Quanto mais o governo produz tentativas de estimular o consumo interno, controlar preços, retardar reajustes e criar cada vez mais controles tarifários na importação, mais aumentam as "marolas" já não tão pequenas que ameaçam virar nossa canoa.
Os últimos movimentos, entre eles a redução do IOF para 0% nos ingressos de capitais externos destinados à aplicação na renda fixa, vieram tarde demais. O governo continua ágil para criar ou aumentar impostos, mas lento e pesado para diminuí-los ou extingui-los.
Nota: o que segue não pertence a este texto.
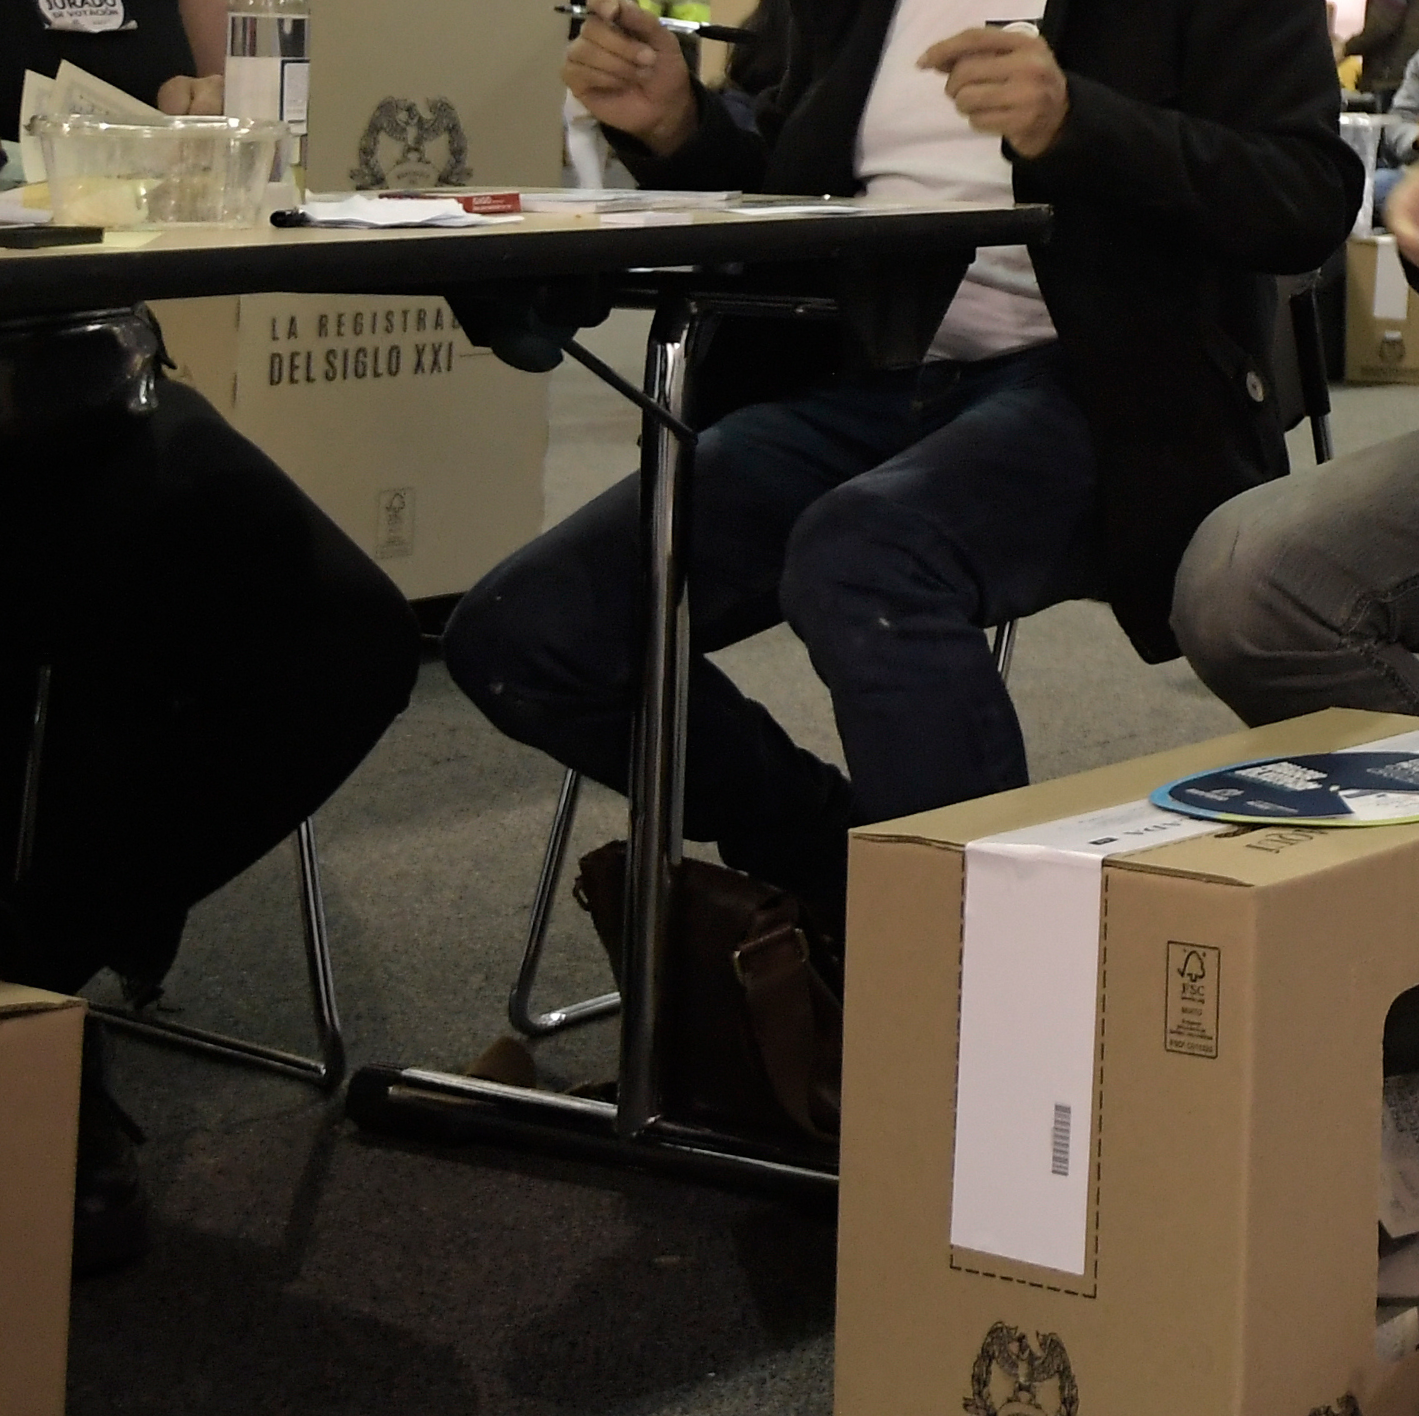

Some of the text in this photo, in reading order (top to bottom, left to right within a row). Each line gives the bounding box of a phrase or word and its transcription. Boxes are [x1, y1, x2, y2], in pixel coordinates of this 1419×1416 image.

Nada indica que o capital estrangeiro, já alocado para outros mercados, venha agora, depois da perspectiva de redução da nota de avaliação do país, divulgada pela empresa de avaliação de riscos Standard & Poors (S&P), voltar a fluir para cá, produzindo novamente o ciclo de ingressos necessários para equilibrar o saldo de transações correntes.
Nossa canoa viaja por mares cada vez mais encapelados. Fustigada pelas marolinhas nada pequenas do Lula e as ondas produzidas pela Dilma, que levanta mais e mais barreiras para contê-las, vai acabar virando. As barreiras represam as ondas, tornando-as cada vez maiores.
Por falar nisto, você já pegou seu salva-vidas?